What you will do: Return all entries verbatim; skip any pictures.

Supplied data:
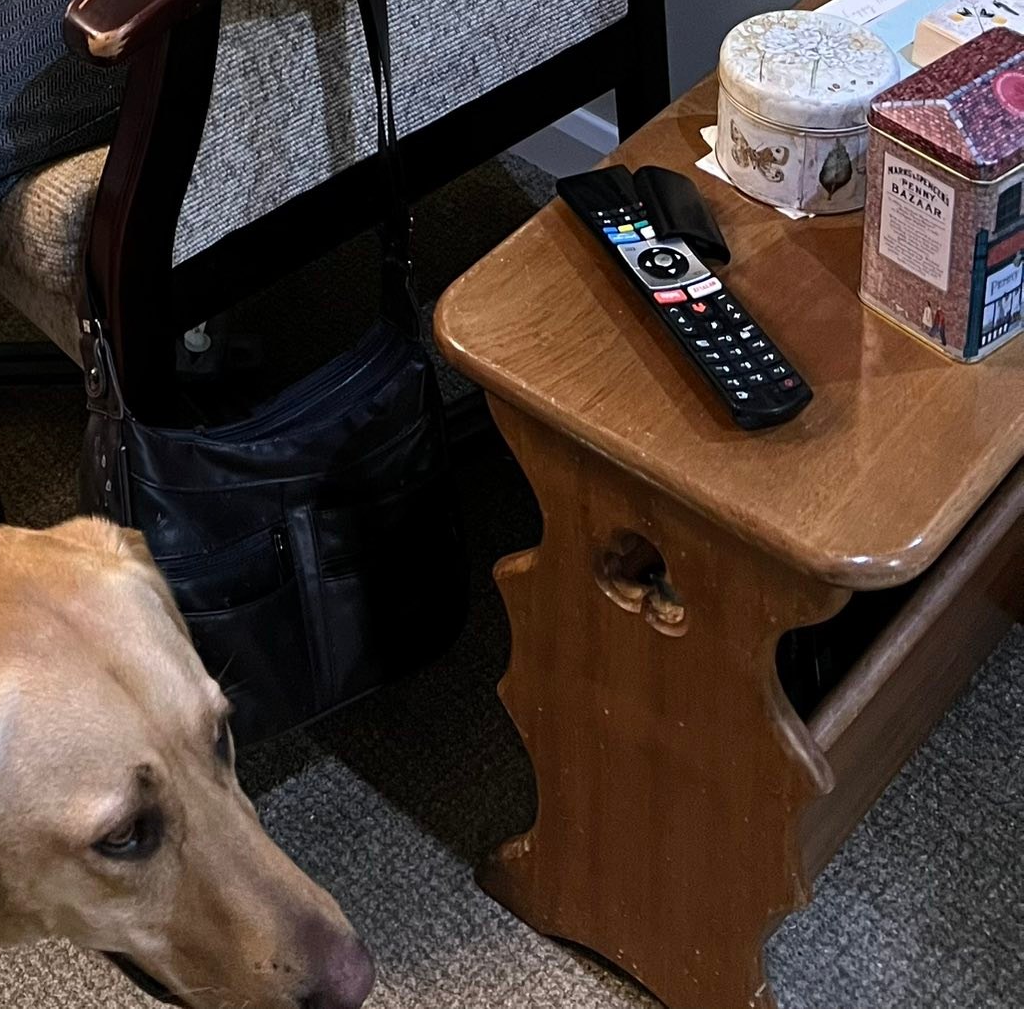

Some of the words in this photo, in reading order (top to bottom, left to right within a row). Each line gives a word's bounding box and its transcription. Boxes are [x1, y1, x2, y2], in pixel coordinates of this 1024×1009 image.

[887, 166, 913, 178] MARKS
[892, 182, 942, 219] BAZAAR
[901, 178, 936, 202] PENNY
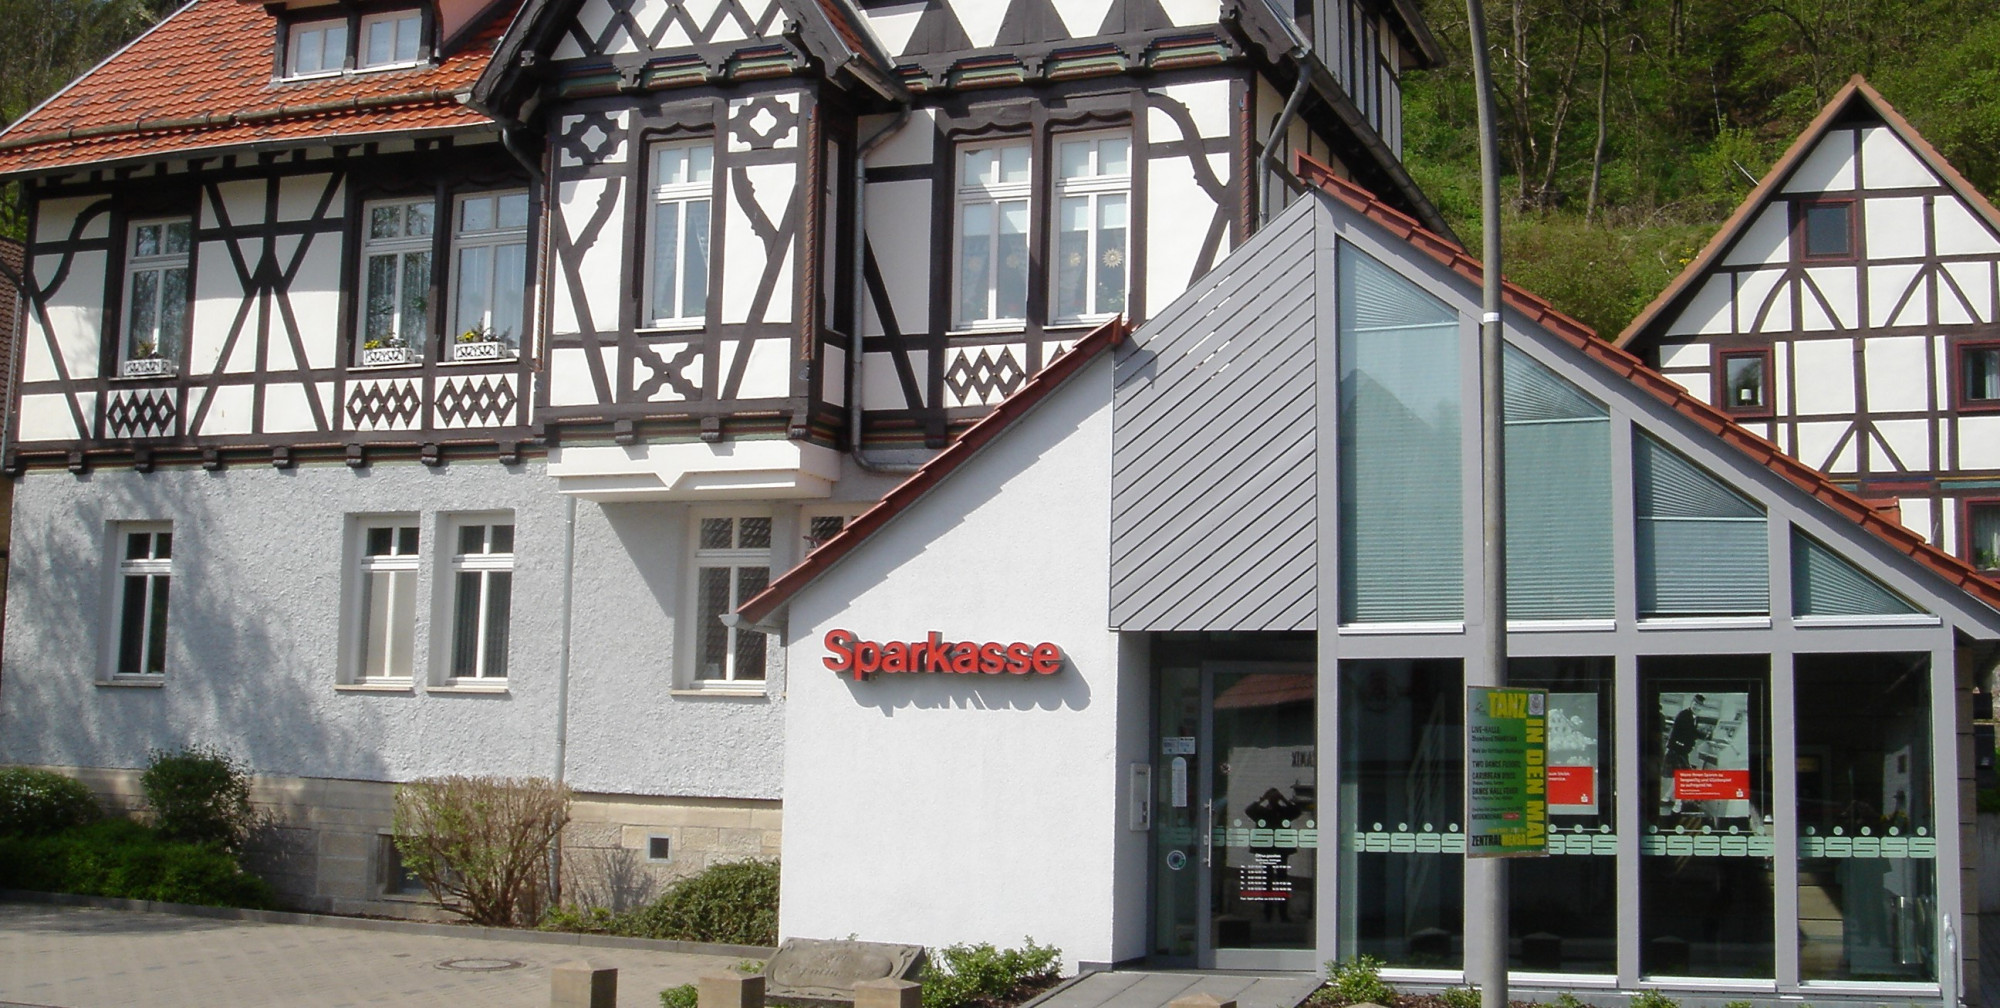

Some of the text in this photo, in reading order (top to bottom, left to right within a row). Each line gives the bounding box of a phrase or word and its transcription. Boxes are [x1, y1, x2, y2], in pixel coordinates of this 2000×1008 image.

[822, 629, 1061, 681] Sparkasse
[1488, 692, 1527, 718] TANZ
[1526, 719, 1545, 846] IN DEN MAI
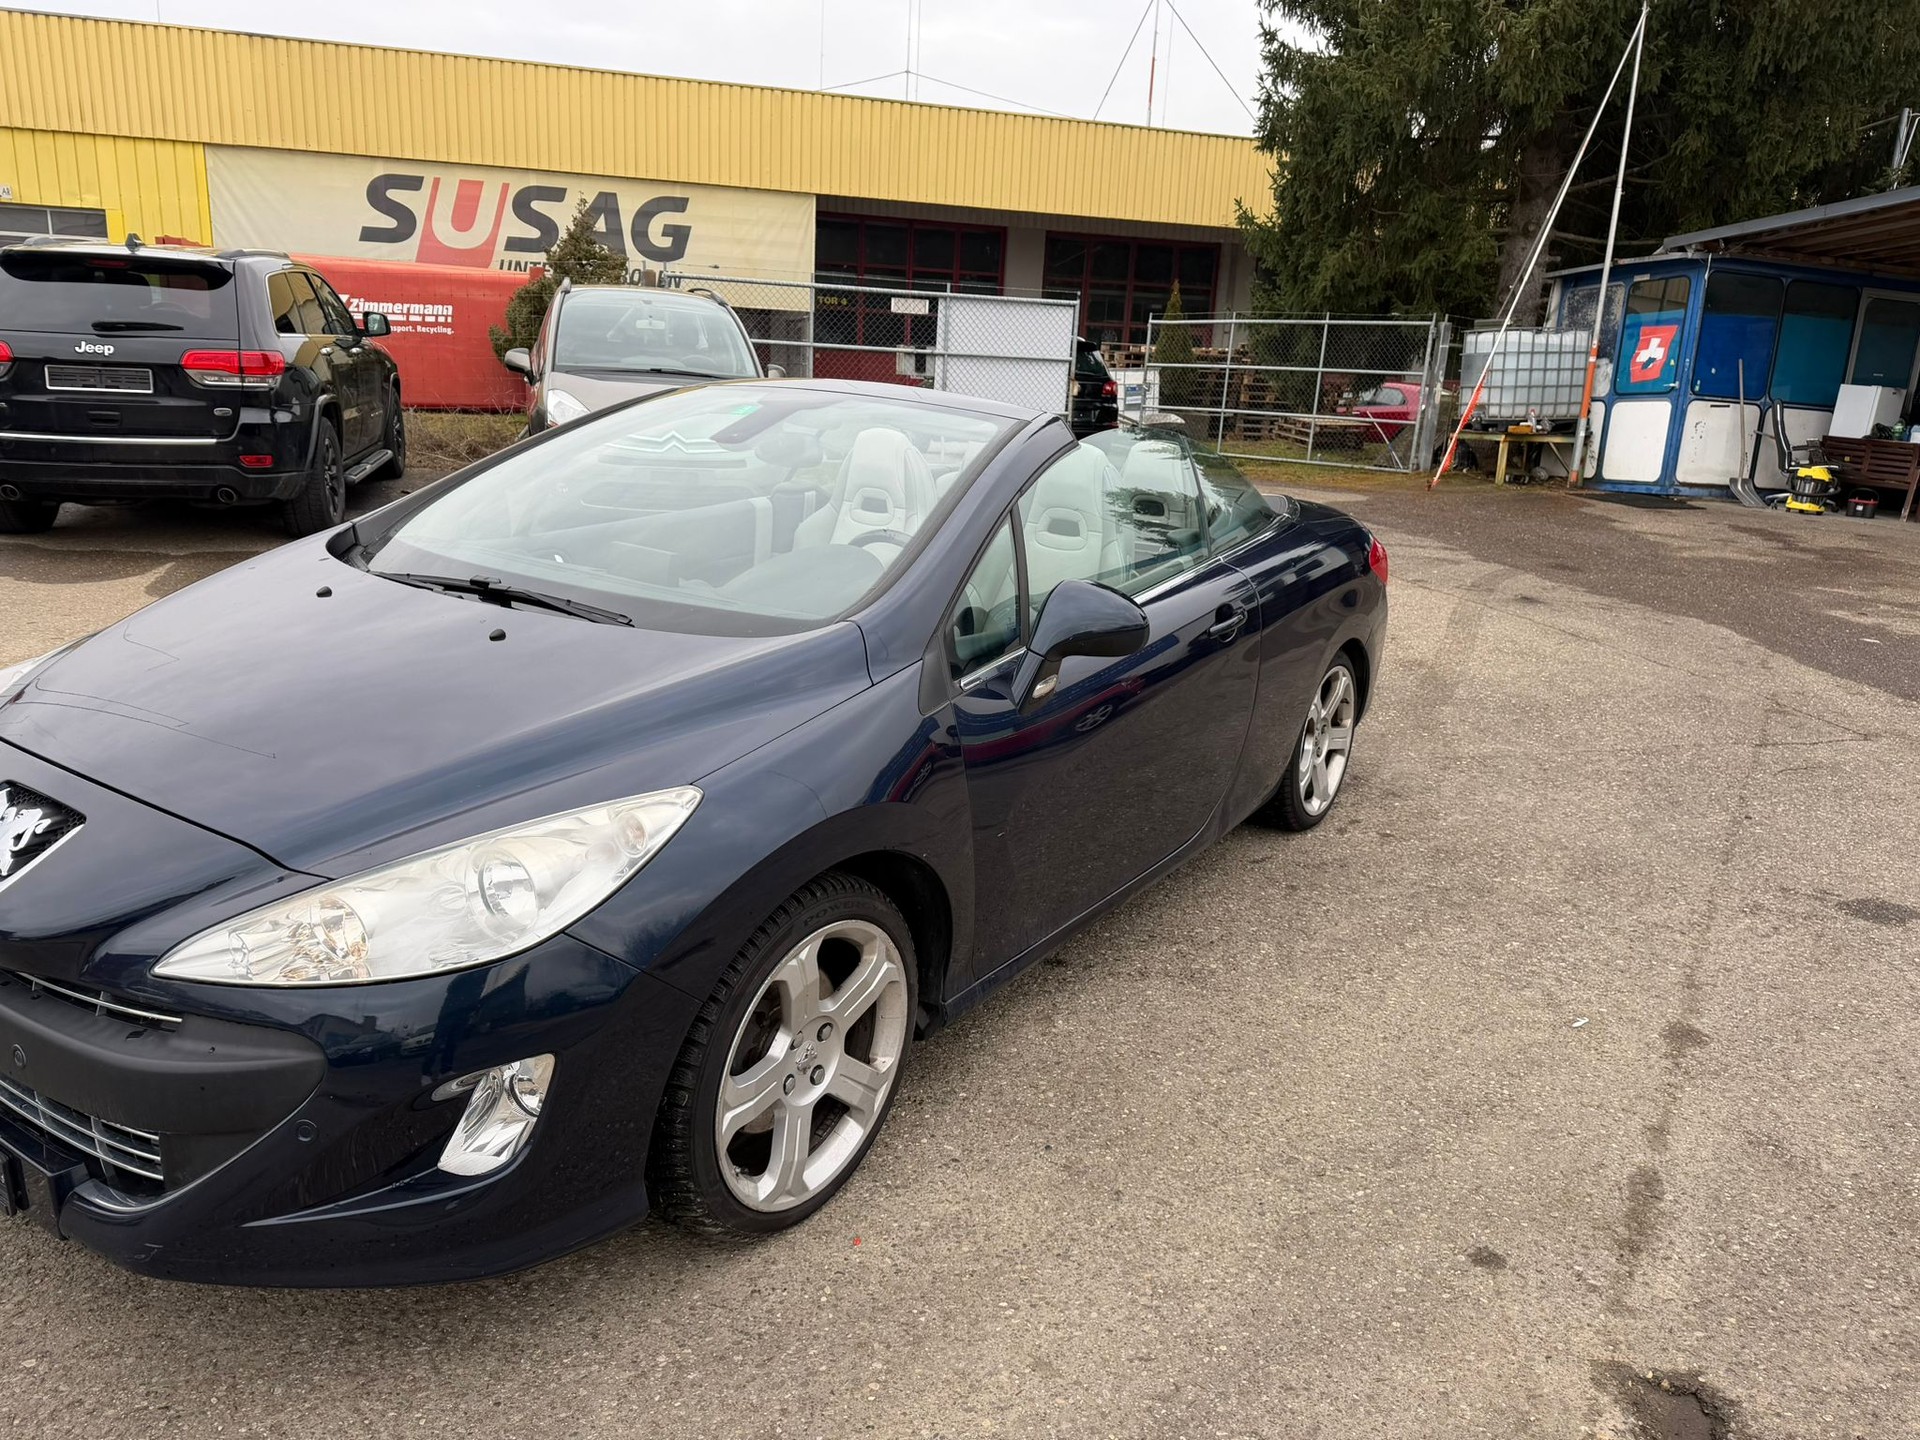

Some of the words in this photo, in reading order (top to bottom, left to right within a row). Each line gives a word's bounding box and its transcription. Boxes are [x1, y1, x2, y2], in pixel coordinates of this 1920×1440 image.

[358, 173, 692, 263] SUSAG
[348, 298, 453, 315] Zimmermann
[818, 296, 838, 305] TOR
[416, 325, 455, 335] Recycling.
[74, 341, 115, 356] Jeep

Exercise response:
Some of the words in this photo, in reading order (top to bottom, left to right within a row). Each line gives a word's bounding box and its transcription. Boxes are [x1, y1, x2, y2], in pixel coordinates of this 1024×1009 image.

[887, 166, 913, 178] MARKS
[892, 182, 942, 219] BAZAAR
[901, 178, 936, 202] PENNY

Some of the text in this photo, in reading order (top to bottom, left to right within a row). Each line gives the bounding box of a phrase or word and its transcription. Boxes are [x1, y1, x2, y2], in pixel coordinates of this 2000×1008 image.

[822, 629, 1061, 681] Sparkasse
[1488, 692, 1527, 718] TANZ
[1526, 719, 1545, 846] IN DEN MAI

Some of the words in this photo, in reading order (top to bottom, left to right within a row). Each line gives a word's bounding box and its transcription. Boxes are [x1, y1, x2, y2], in pixel coordinates of this 1920×1440 image.

[358, 173, 692, 263] SUSAG
[348, 298, 453, 315] Zimmermann
[818, 296, 838, 305] TOR
[416, 325, 455, 335] Recycling.
[74, 341, 115, 356] Jeep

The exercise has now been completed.